The rough sketch which I have made shows approximately how the defences were shaping themselves by the end of the year.
Sketch Map No. 4.
Of course, there were a great many more minor trenches which I have been unable to put in, especially on the extreme west, which I never had an opportunity of visiting before the floods washed all the defences away.
The week following Christmas was somewhat tense, but in reality uneventful. The Turks were still as close as ever, and at first their sniping rather worried us but we soon got the upper hand at that game. The nights were sometimes a bit noisy, but by the end of the week we came to the conclusion that they were not intending another big assault, for we observed their columns behind their trenches moving in the distance across the desert in the direction of the Es Sinn positions, from which they had been turned out just three months before. The people in the Fort observation tower used to make careful notes of all these movements, and a confidential diary of what had been going on was sent round to us each evening. The rough road along which these Turkish troops moved from west to east was just within distant artillery range, but owing to the necessity of conserving ammunition, and to the length of the range, our guns did not fire at them often. Once or twice we tried rifle and machine-gun fire from the front line, but it was quite valueless.

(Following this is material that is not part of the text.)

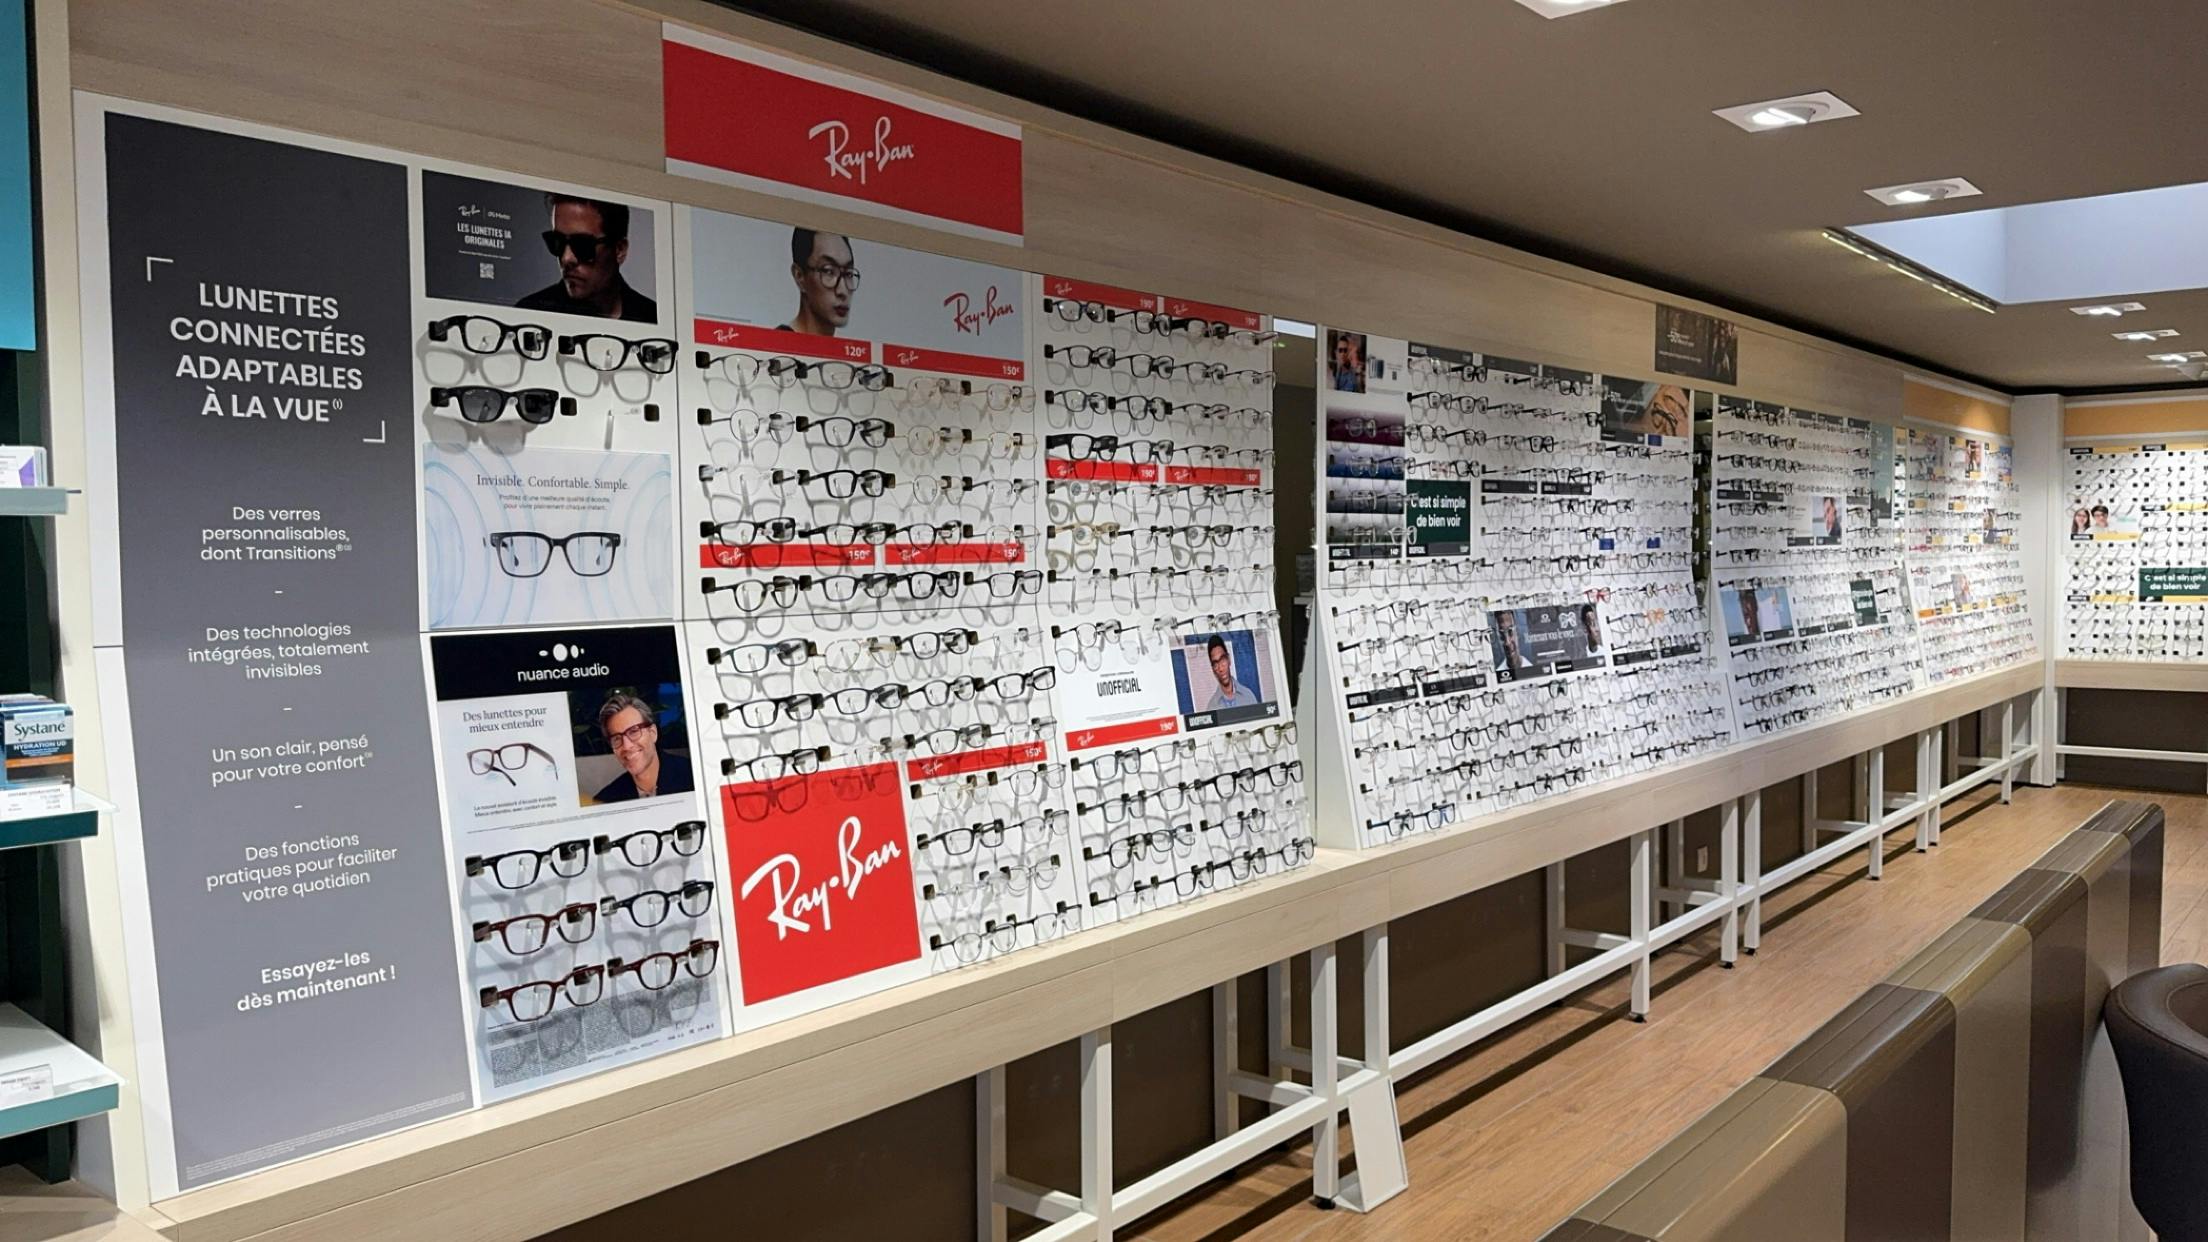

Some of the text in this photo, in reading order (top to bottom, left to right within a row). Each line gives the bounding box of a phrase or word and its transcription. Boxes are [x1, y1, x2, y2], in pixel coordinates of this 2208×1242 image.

While these movements were in progress, and just after they ceased, the Turks sniped and shelled rather more vigorously than usual, presumably in order to show us that they were still in strength opposite to us.
The next excitement was the appearance of two aeroplanes (German Fokkers), which were very good, giving us any amount of trouble right to the end, and never being hit. Soon afterwards we had the cheering sight of our own machines coming up from down-stream, but they never managed to time their flight so as to meet and settle matters with the Fokkers.